**TASK ITEM:** Once the line with "this 1250×1667 image." is found in the entries below, repeat that line and every one after it exactly, ending at the last.

**Entries taken from a collection:**
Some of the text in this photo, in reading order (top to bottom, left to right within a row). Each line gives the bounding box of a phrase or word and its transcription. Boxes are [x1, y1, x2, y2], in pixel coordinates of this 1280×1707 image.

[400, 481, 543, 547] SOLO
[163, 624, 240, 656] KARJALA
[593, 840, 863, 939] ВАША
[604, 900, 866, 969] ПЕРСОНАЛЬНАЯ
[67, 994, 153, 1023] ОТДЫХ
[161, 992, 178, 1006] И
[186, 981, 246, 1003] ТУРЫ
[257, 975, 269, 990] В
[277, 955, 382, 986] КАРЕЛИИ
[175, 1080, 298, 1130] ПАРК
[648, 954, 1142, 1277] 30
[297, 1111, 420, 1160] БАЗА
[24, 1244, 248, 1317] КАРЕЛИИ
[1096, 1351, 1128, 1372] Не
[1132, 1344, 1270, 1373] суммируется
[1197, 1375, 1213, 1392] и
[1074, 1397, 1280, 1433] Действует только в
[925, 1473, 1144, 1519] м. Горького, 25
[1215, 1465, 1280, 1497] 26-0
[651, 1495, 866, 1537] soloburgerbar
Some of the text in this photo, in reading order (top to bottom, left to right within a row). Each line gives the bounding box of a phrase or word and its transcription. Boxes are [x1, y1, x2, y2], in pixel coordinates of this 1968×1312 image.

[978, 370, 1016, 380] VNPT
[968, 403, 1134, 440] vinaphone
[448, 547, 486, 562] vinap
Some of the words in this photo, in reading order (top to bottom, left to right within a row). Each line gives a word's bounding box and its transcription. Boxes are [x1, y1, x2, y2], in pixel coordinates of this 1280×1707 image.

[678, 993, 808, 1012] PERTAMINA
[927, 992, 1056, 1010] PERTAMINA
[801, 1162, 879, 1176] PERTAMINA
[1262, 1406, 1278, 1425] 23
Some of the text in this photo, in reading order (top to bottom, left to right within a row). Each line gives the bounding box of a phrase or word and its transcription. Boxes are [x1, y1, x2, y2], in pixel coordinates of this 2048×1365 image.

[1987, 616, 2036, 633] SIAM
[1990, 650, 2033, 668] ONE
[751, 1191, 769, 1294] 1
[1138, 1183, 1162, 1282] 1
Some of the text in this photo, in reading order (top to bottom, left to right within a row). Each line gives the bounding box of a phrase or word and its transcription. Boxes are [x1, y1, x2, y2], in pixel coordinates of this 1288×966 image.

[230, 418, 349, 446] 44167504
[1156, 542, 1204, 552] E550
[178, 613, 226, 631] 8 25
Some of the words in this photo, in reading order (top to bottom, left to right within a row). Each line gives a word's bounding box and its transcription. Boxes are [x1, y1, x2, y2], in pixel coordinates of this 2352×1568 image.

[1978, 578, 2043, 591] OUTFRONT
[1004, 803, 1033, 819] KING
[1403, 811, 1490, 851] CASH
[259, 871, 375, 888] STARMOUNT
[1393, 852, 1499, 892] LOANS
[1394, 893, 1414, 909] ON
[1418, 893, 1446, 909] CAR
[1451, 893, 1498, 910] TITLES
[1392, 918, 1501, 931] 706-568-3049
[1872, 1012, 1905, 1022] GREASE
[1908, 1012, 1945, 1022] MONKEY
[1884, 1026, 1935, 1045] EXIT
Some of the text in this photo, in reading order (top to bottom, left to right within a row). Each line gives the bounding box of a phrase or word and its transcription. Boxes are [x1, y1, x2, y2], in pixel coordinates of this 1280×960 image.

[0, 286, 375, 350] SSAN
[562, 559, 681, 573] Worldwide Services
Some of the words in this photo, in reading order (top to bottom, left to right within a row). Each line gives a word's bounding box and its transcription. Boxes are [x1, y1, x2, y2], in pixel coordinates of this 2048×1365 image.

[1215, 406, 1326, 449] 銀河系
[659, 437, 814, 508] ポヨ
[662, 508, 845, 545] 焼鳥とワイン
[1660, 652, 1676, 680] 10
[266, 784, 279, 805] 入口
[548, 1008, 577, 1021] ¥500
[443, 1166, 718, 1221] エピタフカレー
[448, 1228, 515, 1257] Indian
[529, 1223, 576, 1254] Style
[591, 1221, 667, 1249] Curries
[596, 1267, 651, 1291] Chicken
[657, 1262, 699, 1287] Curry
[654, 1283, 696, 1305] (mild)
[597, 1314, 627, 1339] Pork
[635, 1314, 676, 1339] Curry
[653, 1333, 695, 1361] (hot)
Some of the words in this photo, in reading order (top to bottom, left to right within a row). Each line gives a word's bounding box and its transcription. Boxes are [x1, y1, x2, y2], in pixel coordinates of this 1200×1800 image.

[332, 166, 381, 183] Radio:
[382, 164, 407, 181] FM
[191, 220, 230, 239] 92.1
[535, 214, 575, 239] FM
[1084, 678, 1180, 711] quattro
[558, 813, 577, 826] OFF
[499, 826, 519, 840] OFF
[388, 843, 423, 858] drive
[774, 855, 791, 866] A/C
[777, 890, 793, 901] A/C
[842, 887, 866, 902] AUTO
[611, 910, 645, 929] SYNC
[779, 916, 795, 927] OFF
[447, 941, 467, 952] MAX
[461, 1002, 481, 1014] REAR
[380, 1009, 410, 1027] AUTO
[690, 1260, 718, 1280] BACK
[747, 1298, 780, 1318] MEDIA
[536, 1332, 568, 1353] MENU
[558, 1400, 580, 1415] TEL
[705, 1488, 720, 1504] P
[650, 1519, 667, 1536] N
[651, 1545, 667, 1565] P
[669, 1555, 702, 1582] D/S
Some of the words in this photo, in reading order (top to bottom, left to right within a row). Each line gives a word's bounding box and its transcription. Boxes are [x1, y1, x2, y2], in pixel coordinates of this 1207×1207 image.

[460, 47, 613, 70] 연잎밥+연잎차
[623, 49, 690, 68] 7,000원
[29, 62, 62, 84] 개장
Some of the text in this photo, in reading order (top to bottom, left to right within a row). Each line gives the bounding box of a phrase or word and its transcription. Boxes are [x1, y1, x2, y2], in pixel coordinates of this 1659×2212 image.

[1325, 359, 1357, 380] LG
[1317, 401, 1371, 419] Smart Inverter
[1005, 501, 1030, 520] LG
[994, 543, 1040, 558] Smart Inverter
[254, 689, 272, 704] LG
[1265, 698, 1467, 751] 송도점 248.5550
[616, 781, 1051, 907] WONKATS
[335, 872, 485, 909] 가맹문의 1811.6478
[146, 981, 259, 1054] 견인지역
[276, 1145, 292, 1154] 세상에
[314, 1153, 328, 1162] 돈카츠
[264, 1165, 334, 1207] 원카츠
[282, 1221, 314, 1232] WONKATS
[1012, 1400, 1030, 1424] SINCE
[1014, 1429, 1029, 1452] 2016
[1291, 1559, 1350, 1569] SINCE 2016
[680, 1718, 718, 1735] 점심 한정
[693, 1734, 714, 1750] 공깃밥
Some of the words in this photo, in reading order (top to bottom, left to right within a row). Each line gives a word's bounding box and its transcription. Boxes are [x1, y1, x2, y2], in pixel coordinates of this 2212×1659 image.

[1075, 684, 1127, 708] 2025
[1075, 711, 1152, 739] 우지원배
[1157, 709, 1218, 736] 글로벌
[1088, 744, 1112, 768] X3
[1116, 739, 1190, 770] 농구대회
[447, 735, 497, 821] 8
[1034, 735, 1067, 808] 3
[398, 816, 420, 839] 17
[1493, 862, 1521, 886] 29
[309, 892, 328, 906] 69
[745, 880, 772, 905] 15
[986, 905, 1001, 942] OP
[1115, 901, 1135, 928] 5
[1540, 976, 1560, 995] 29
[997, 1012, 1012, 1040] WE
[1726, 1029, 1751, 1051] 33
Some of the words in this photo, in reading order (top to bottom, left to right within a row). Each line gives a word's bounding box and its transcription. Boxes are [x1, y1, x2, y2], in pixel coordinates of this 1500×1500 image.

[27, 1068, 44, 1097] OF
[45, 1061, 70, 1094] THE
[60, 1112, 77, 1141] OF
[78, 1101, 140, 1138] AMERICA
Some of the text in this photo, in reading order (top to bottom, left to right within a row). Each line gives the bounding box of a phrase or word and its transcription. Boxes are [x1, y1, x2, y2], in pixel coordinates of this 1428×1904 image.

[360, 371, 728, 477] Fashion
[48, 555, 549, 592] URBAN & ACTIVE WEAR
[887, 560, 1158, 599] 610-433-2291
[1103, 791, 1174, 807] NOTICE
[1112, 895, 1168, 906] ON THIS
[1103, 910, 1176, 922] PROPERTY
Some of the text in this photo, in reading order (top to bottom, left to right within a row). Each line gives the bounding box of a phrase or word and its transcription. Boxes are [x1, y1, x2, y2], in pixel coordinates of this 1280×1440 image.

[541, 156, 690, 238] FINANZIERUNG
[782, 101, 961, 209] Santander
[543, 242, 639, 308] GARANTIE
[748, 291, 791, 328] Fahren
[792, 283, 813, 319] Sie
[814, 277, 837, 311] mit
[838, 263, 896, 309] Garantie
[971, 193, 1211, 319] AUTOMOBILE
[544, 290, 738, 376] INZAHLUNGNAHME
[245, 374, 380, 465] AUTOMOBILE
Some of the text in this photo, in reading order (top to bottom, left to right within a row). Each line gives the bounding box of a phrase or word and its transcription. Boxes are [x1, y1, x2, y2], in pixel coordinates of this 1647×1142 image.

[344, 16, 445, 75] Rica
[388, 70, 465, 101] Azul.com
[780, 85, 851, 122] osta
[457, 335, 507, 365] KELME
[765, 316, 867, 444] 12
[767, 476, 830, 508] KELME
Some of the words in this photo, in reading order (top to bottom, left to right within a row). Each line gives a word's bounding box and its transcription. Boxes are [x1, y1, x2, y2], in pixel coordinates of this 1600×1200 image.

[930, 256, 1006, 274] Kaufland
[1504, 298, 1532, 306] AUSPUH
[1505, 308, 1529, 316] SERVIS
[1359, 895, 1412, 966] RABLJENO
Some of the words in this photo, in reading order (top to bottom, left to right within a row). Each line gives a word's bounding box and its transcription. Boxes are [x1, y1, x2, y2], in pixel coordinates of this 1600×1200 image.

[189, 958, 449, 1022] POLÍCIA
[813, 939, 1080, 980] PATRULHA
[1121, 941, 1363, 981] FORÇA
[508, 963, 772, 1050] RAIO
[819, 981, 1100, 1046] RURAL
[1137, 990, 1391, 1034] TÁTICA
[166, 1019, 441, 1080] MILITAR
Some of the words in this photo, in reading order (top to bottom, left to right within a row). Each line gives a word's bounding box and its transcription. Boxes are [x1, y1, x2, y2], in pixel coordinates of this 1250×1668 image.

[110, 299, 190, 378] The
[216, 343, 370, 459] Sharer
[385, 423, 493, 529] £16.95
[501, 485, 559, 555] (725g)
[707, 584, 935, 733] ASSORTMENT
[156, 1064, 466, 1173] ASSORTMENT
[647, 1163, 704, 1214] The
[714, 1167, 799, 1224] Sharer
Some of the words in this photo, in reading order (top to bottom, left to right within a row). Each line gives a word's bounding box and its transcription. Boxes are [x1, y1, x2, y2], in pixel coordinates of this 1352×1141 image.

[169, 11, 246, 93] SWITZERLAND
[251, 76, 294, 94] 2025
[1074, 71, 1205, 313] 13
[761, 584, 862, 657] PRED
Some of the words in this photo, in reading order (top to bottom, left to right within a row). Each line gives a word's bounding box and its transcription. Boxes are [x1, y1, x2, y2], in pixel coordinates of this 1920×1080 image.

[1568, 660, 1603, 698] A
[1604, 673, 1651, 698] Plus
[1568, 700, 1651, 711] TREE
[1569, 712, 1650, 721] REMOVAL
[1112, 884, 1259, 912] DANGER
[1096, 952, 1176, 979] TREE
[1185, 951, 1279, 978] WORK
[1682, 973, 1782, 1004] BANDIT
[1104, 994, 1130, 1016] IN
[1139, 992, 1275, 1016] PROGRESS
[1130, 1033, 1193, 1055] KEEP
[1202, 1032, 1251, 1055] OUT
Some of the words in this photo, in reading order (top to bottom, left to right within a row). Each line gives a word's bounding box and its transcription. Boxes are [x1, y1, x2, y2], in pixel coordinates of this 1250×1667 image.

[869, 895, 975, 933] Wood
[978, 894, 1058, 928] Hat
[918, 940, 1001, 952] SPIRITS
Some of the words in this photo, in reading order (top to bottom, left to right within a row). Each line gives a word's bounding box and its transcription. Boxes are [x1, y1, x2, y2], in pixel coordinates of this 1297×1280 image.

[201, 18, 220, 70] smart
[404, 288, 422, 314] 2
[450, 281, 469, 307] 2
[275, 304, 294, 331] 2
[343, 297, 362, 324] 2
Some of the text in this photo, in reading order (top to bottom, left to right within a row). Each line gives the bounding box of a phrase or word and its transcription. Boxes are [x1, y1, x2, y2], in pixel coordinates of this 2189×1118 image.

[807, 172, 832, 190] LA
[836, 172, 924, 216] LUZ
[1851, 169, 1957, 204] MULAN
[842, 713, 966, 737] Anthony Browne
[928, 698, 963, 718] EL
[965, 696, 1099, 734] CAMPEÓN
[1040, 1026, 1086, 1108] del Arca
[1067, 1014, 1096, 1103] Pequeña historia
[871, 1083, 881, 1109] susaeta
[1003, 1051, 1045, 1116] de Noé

**EXERCISE RESULT:**
Some of the words in this photo, in reading order (top to bottom, left to right within a row). Each line gives a word's bounding box and its transcription. Boxes are [x1, y1, x2, y2], in pixel coordinates of this 1250×1667 image.

[869, 895, 975, 933] Wood
[978, 894, 1058, 928] Hat
[918, 940, 1001, 952] SPIRITS
Some of the words in this photo, in reading order (top to bottom, left to right within a row). Each line gives a word's bounding box and its transcription. Boxes are [x1, y1, x2, y2], in pixel coordinates of this 1297×1280 image.

[201, 18, 220, 70] smart
[404, 288, 422, 314] 2
[450, 281, 469, 307] 2
[275, 304, 294, 331] 2
[343, 297, 362, 324] 2
Some of the text in this photo, in reading order (top to bottom, left to right within a row). Each line gives the bounding box of a phrase or word and its transcription. Boxes are [x1, y1, x2, y2], in pixel coordinates of this 2189×1118 image.

[807, 172, 832, 190] LA
[836, 172, 924, 216] LUZ
[1851, 169, 1957, 204] MULAN
[842, 713, 966, 737] Anthony Browne
[928, 698, 963, 718] EL
[965, 696, 1099, 734] CAMPEÓN
[1040, 1026, 1086, 1108] del Arca
[1067, 1014, 1096, 1103] Pequeña historia
[871, 1083, 881, 1109] susaeta
[1003, 1051, 1045, 1116] de Noé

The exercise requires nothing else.